The Drudge Report, as usual, isn't the originator, but it's an important indicator, because outfits (say, the Times) that don't spend much time with the drooler media do look at Drudge. Here, the vaguely policy-oriented sites (Heat Street, Campus Reform, the Education Action Group), which often wipe most of the foam off before they go out in public, are on an equal footing with sites that dispense entirely with the bib, like InfoWars and -- have you guys met ZeroHedge yet?
In the month leading up to the election on November 8th, we repeatedly demonstrated how the mainstream media polls from the likes of ABC/Washington Post, CNN and Reuters repeatedly manipulated their poll samples to engineer their desired results, namely a large Hillary Clinton lead (see "New Podesta Email Exposes Playbook For Rigging Polls Through 'Oversamples'" and "ABC/Wapo Effectively Admit To Poll Tampering As Hillary's "Lead" Shrinks To 2-Points").

Sadly, no. As in no, you didn't "demonstrate" anything, and no, that's not how sampling works, unless you have access to cheap and reliable time travel, in which case -- for an operation touting "the news that moves the markets" -- you seem to be missing a major career opportunity. As even the morons of the "unskewed polls" movement acknowledged four years ago, a difference between party identification and voter intent is not evidence of playing around with the sample. If you know the former, you can go back in time and skew the latter. Do send a postcard.

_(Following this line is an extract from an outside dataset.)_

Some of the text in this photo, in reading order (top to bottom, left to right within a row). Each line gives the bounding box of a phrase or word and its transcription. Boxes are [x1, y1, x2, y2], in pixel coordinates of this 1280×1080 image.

The point, again, isn't whether another huckster is playing Duke-and-Dauphin with the rubes. It's how far up the beach any specific fiction is washed before someone picks it up. Not every made-up story leads the Drudge page; the one about the pizza parlor didn't make it, but the one about Podesta drinking the chicken blood did:


And, to reiterate, the intent doesn't have to be for every story to produce an armed attack on an innocent restaurant. All that has to happen is for the story to get close enough that someone has to spend time denying it.

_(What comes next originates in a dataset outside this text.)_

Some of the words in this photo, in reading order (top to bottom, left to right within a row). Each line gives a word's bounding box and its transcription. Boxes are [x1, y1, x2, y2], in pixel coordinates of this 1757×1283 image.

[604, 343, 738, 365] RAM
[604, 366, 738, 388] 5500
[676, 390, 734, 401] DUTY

This is going to be a tough habit to break for news organizations that still fear they might miss the next Hoovergate, but really -- if you can't ignore fake news, at least you can run a laugh track behind it. The polls weren't rigged, the employment data weren't cooked, and you should make sport of anyone who says otherwise.

Including the president-in waiting? Well, that would be an encouraging sign.